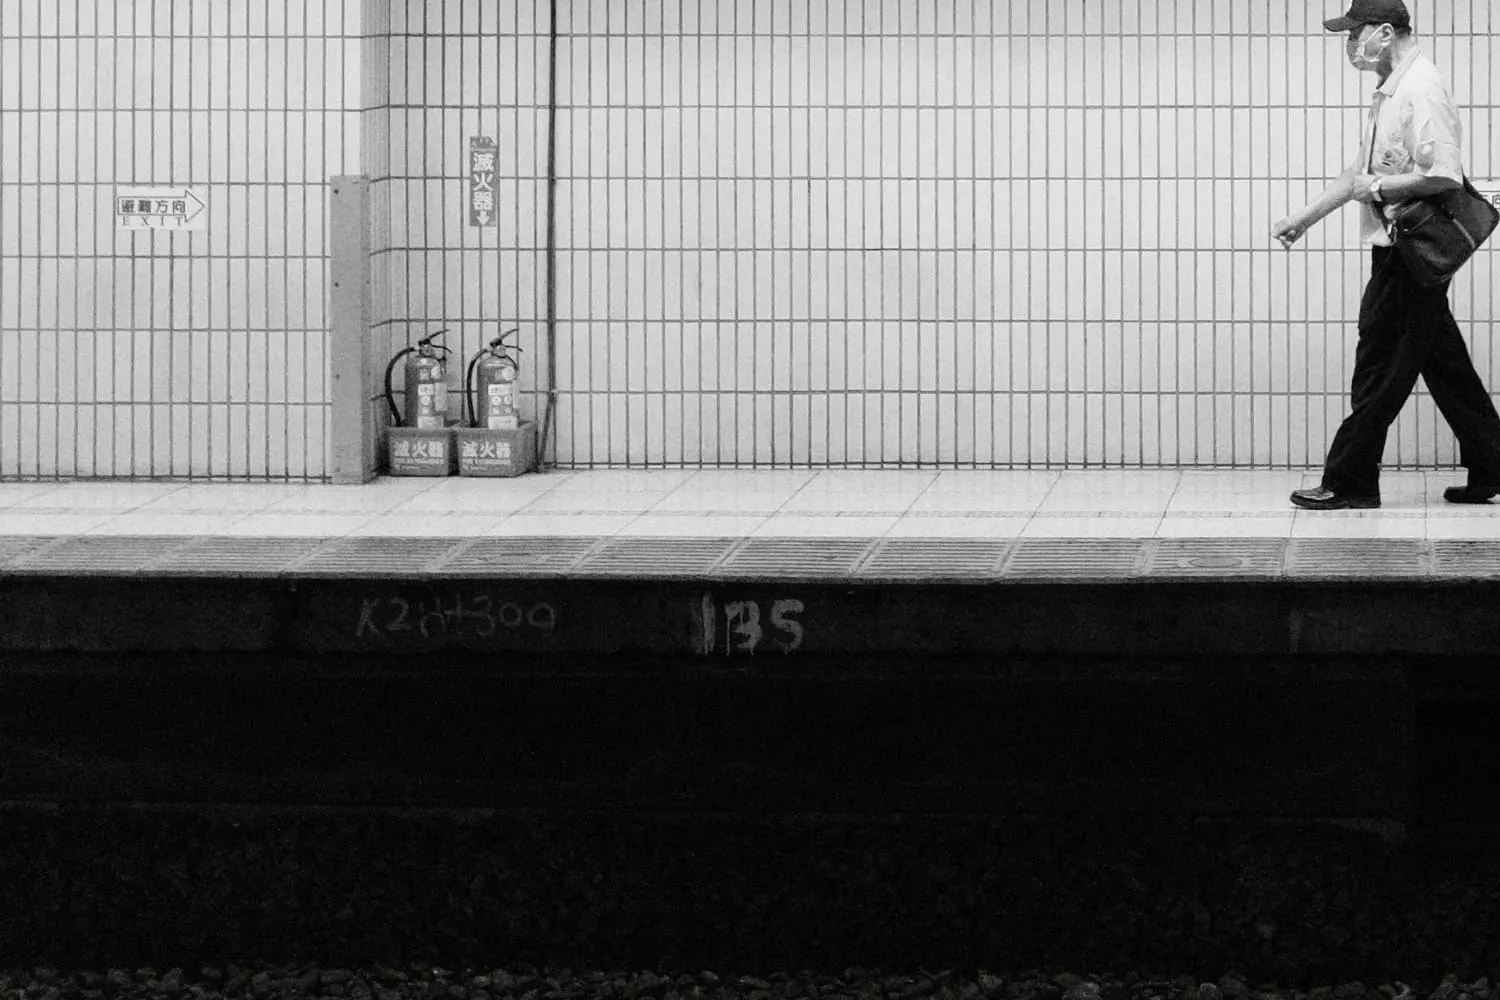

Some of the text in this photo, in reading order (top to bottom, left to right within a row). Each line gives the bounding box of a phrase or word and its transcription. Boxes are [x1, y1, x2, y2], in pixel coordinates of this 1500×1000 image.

[472, 152, 494, 210] 滅火器
[121, 199, 186, 214] 避難方向
[122, 216, 184, 226] EXIT
[394, 440, 444, 457] 滅火器
[462, 441, 511, 458] 滅火器
+ + + + + + +
- [Task brief]: If an entry contains an image, print the rest of that entry exactly and leave the image out.

- [Exercise answer]:
Some of the text in this photo, in reading order (top to bottom, left to right within a row). Each line gives the bounding box of a phrase or word and its transcription. Boxes are [x1, y1, x2, y2], in pixel coordinates of this 1500×1000 image.

[472, 152, 494, 210] 滅火器
[121, 199, 186, 214] 避難方向
[122, 216, 184, 226] EXIT
[394, 440, 444, 457] 滅火器
[462, 441, 511, 458] 滅火器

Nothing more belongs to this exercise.